Omitting all images, set down every line below exactly as it appears.

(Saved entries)

· · · · ·

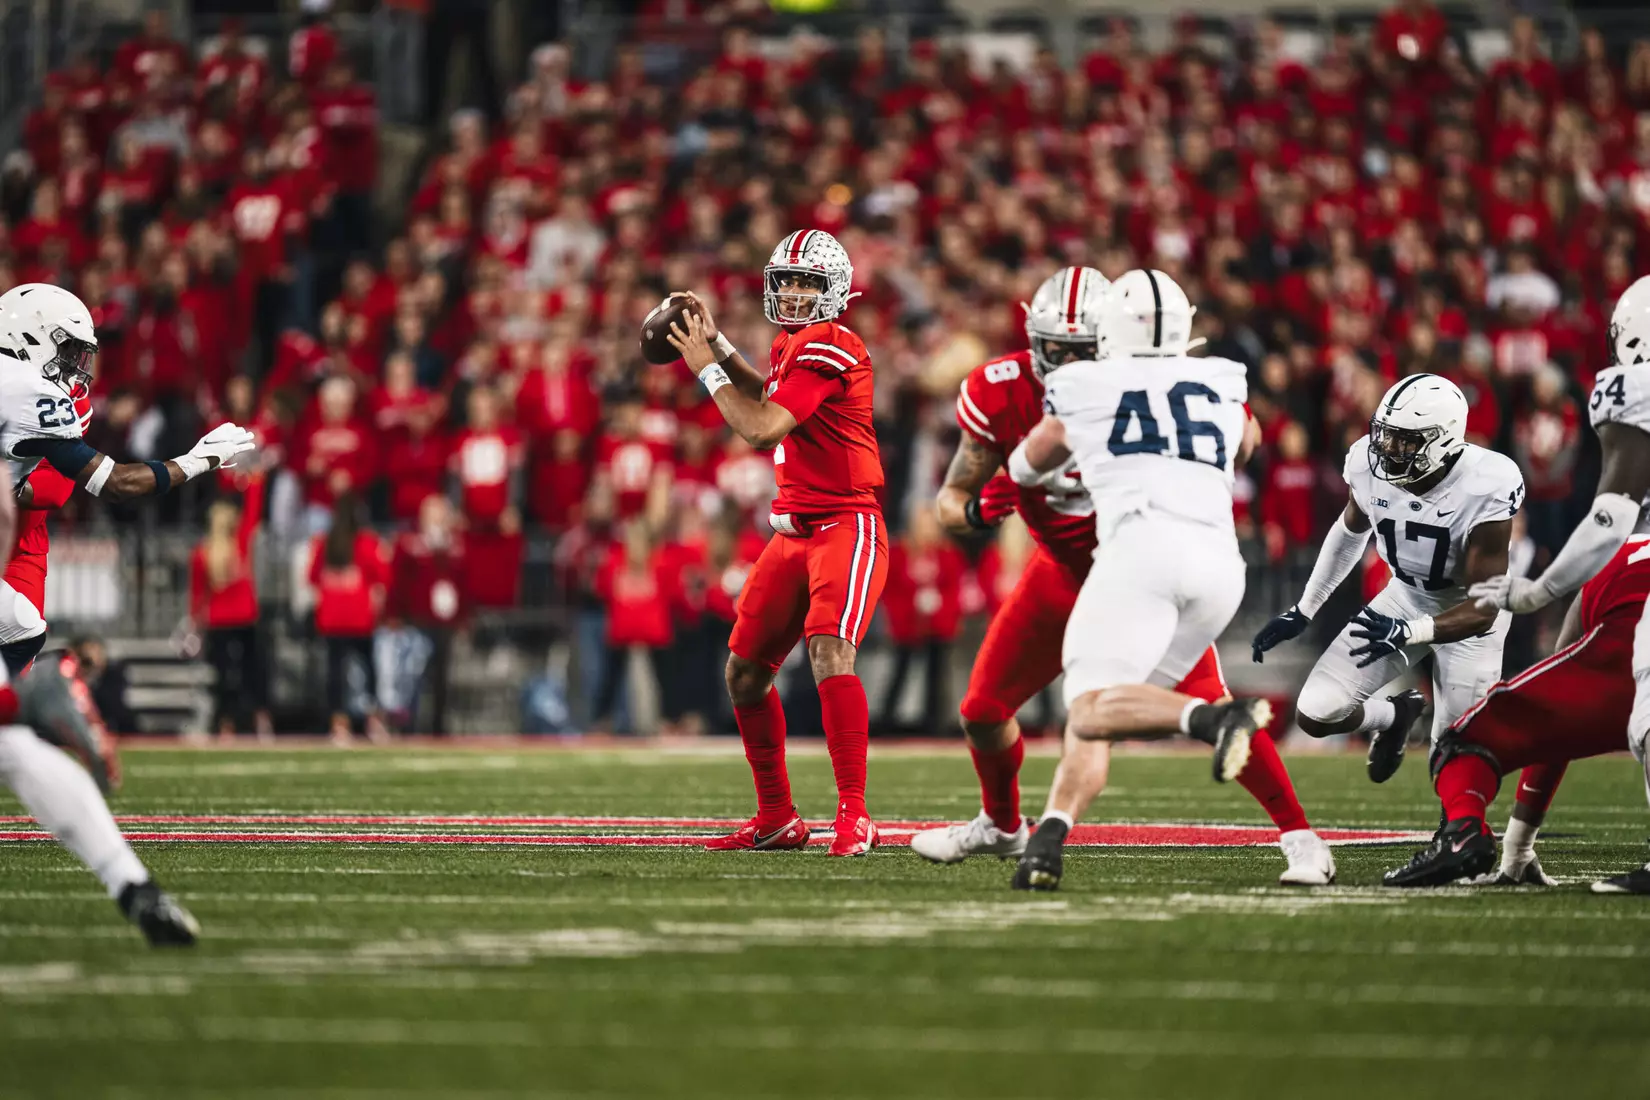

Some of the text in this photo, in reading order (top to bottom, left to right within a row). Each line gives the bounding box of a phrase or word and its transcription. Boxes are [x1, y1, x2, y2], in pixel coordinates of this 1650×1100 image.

[984, 360, 1021, 384] 8
[1591, 374, 1626, 411] 54
[36, 398, 76, 428] 23
[1107, 380, 1227, 472] 46
[1376, 517, 1454, 591] 17

· · · · ·

| TASK RESULT |
Some of the text in this photo, in reading order (top to bottom, left to right within a row). Each line gives the bounding box of a phrase or word and its transcription. Boxes are [x1, y1, x2, y2], in pixel coordinates of this 1650×1100 image.

[984, 360, 1021, 384] 8
[1591, 374, 1626, 411] 54
[36, 398, 76, 428] 23
[1107, 380, 1227, 472] 46
[1376, 517, 1454, 591] 17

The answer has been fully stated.